Small 'r' reablement
by Jo Salter
Reablement sometimes feels in danger of being lost in translation. The idea of 'reabling' people (with a small r) – restoring and supporting them to lead full and independent lives – is second nature across housing, health and social care; it is their reason for being. The service commonly known as reablement (which can be thought of as 'capital r reablement'), on the other hand, refers specifically to the 6-week period of support offered to people at risk of losing their independence, often following a stay in hospital.
Since it was introduced in the early 2000s, reablement has remained almost exclusively the preserve of local authority social care teams (with a few independent providers creeping into the market). Subsequently, 'social care thinking' has shaped the way that reablement has developed.

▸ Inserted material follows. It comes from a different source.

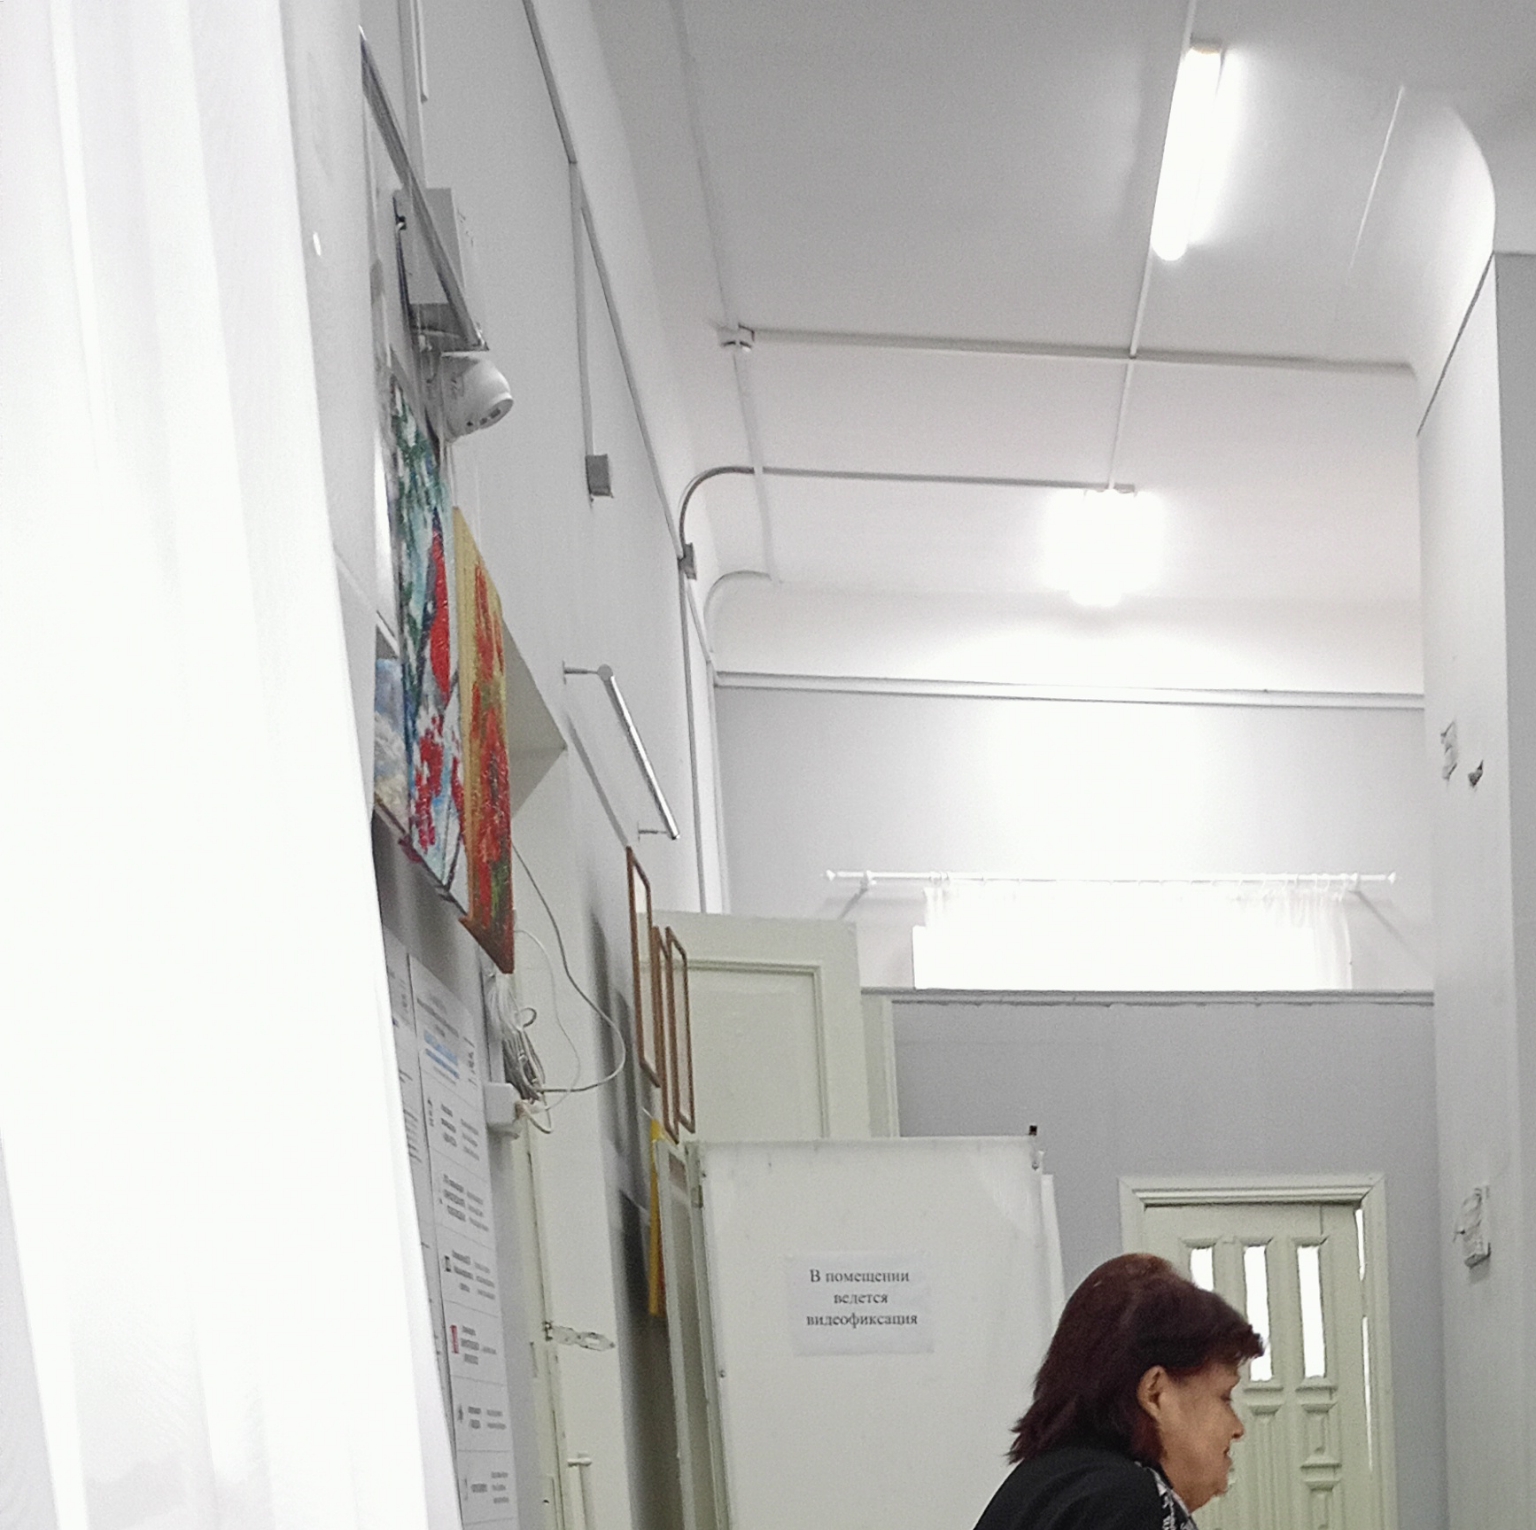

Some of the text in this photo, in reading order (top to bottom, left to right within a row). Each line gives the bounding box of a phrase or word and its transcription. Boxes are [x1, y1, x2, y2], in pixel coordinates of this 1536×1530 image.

[810, 1268, 910, 1283] В помещении
[833, 1293, 888, 1305] ведется
[806, 1312, 918, 1329] видеофиксация

Demos research, published today, argues that the government’s transformation of health and social care is setting the stage for a radical reshaping of reablement – with all of the organisations who have an interest in restoring people to independence contributing their own knowledge and experience. In particular, the report argues that social housing is an untapped resource, which can be mobilized to deliver better quality reablement services, with longer-lasting outcomes.
Social housing can add value to reablement precisely because housing providers think differently about the people who they are helping to social care. Social housing has a long-term commitment to its residents, and its focus is not just on building individual capacity, but on building the capacity of communities and neighbourhoods – and these things would be reflected in a housing-oriented reablement service. Neither way of thinking is more valuable than the other – both are needed for a holistic view of the person and their recovery.
The launch of the report this morning was unusual in bringing to the table speakers from across health, housing, and social care – Stephen Dorrell MP, Chair of the Health Select Committee, Chris Munday, Managing Director of Care and Support at Midland Heart, and Professor David Croisdale-Appleby, Chair of Skills for Care. The audience, similarly, was drawn from across the three sectors.
The consensus that emerged from today’s event was that health, social care and housing have shared aspirations, and need to start viewing each other as resources to be leveraged in to fulfill a common purpose.
Moving away from viewing 'big r reablement' as something that only social workers are qualified to do, to viewing 'small r reablement' as something that social housing providers and others can support will require a lot more opportunities for the three areas to engage. This is a torch that Health and Wellbeing Boards should take up.